Physiologic and pathologic comparison of two modes of assisted ventilation, nasal intermittent positive-pressure ventilation (NIPPV) and synchronized intermittent mandatory ventilation (SIMV), in spontaneously breathing term newborn piglets with saline lavage-induced lung injury.
After inducing acute lung injury via repetitive saline lavage, piglets were randomized to NIPPV (n = 12) or SIMV (n = 11) and treated for 6 hrs.
Spontaneously breathing term newborn piglets.
Invasive (SIMV) or noninvasive (NIPPV) assisted ventilation for 6 hrs.

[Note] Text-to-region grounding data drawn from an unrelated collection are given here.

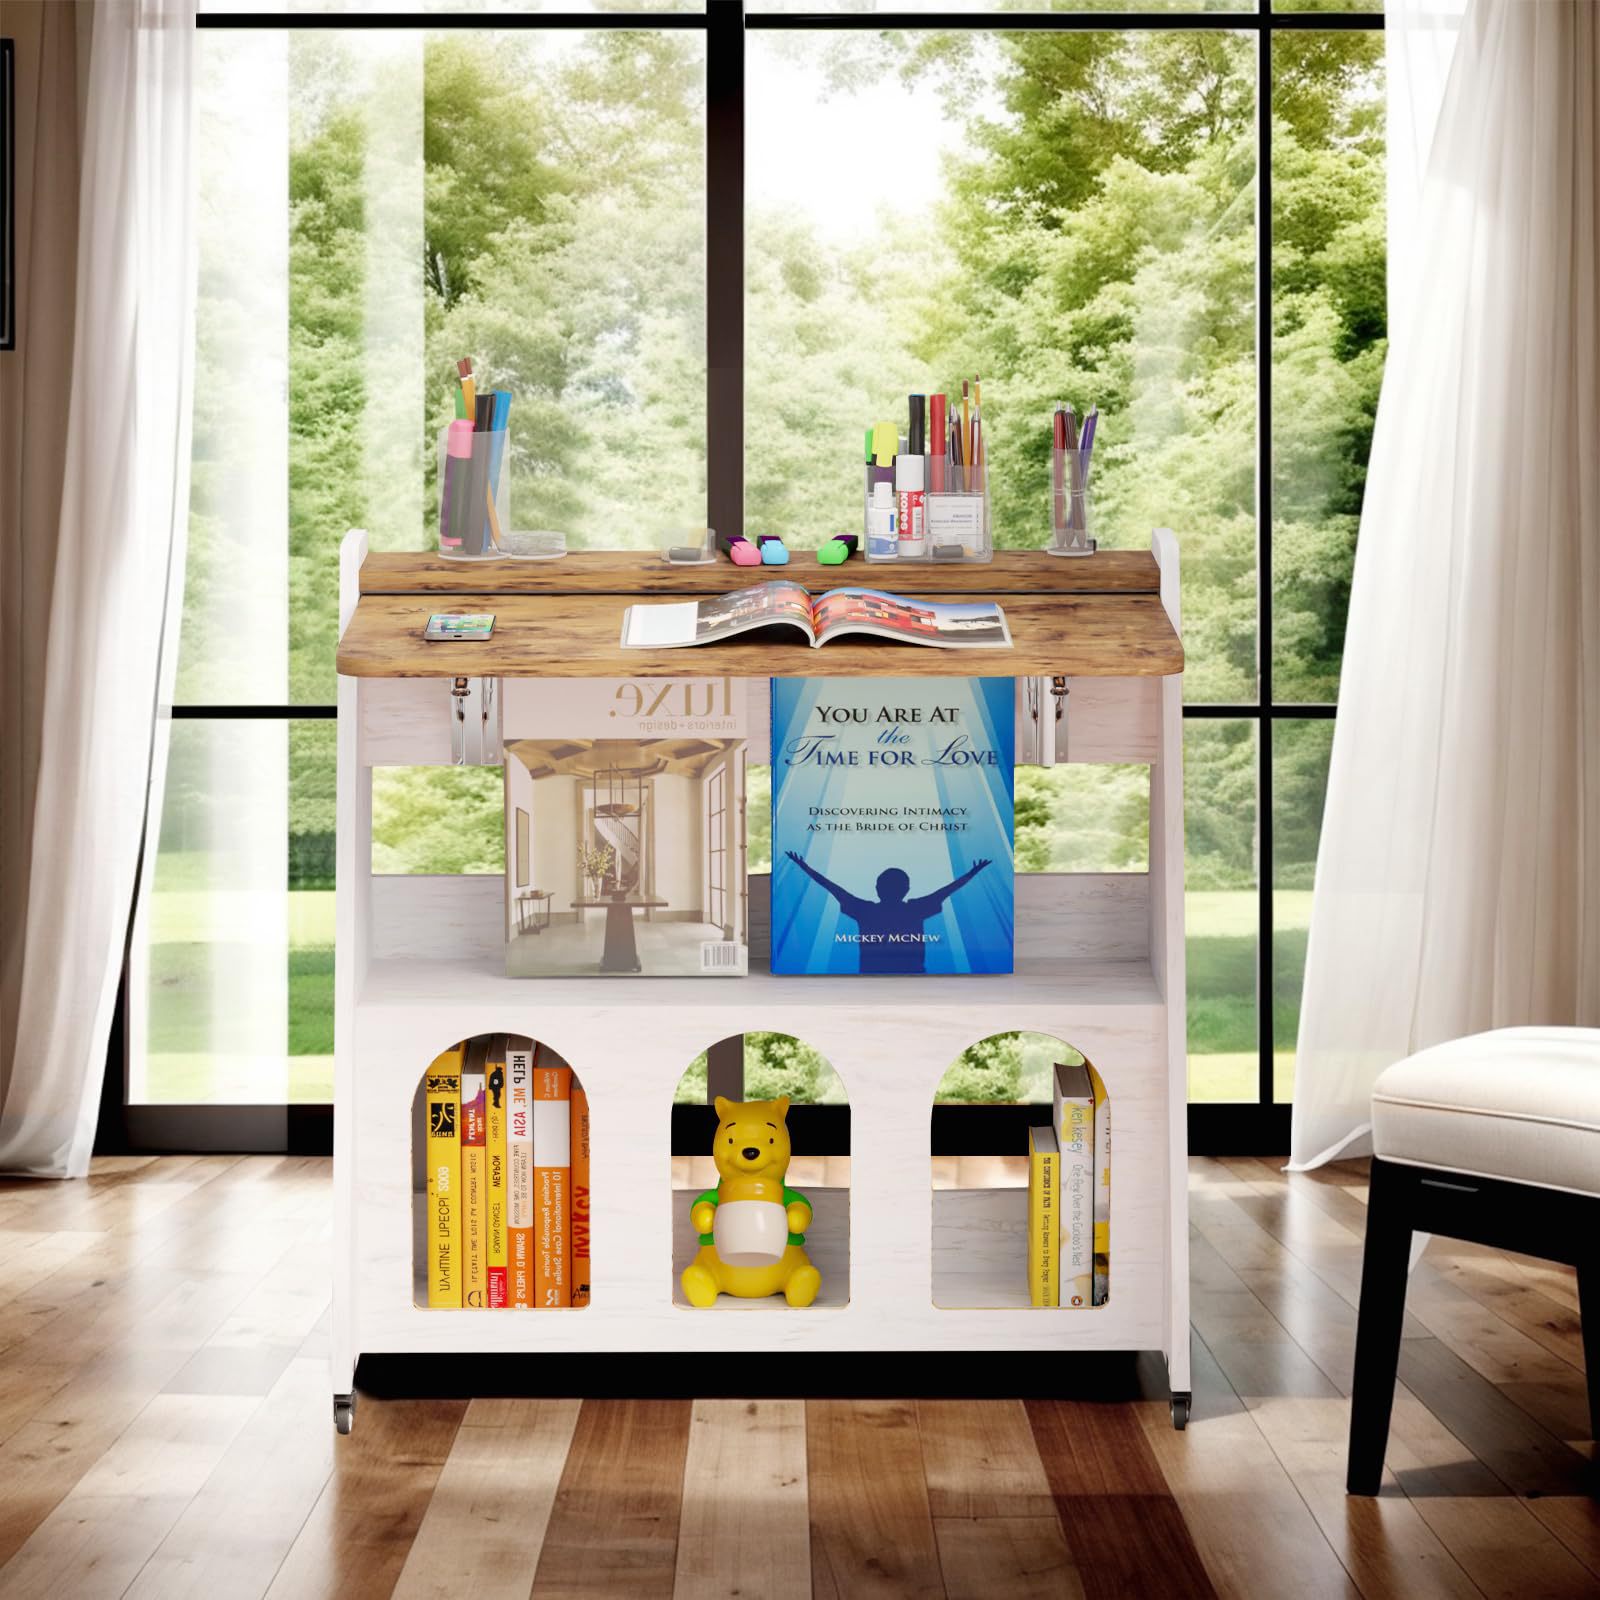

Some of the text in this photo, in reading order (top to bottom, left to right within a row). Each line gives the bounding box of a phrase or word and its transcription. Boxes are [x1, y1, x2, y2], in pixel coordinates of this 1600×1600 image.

[816, 706, 960, 723] YOU ARE AT
[877, 726, 912, 744] the
[784, 734, 999, 766] TIME FOR LOVE
[808, 806, 967, 816] DISCOVERING INTIMACY
[807, 822, 968, 832] AS THE BRIDE OF CHRIST
[834, 933, 885, 943] MICKEY
[1067, 1107, 1087, 1153] ken kesey
[1072, 1164, 1084, 1177] One
[1072, 1194, 1084, 1209] Over
[1072, 1210, 1083, 1222] the
[1072, 1222, 1084, 1251] Cuckoo's
[1072, 1252, 1083, 1267] Nest

Physiologic parameters and arterial blood gases were continuously monitored. At the conclusion of the study, lung tissue was obtained to analyze for evidence of inflammation, including myeloperoxidase, interleukin-8, and hydrogen peroxide levels, as well as for evidence of pathologic injury.
Piglets treated with NIPPV demonstrated higher arterial blood gas pH (p < .001), lower Paco2 (p < .05), and a lower set respiratory rate (p < .0001) as compared with the SIMV-treated piglets. The piglets in the SIMV group had higher Pao2/Pao2 ratio than those in the NIPPV group (p = .001). There was significantly more interstitial inflammation (p = .04) in the SIMV-treated piglets compared with the NIPPV-treated piglets. Total respiratory rate, heart rate, blood pressure, oxygen saturation, and biochemical markers of lung inflammation were not different between the groups.
In surfactant-deficient term newborn piglets, NIPPV offers an effective and noninvasive ventilatory strategy with the potential for less pathologic lung inflammation.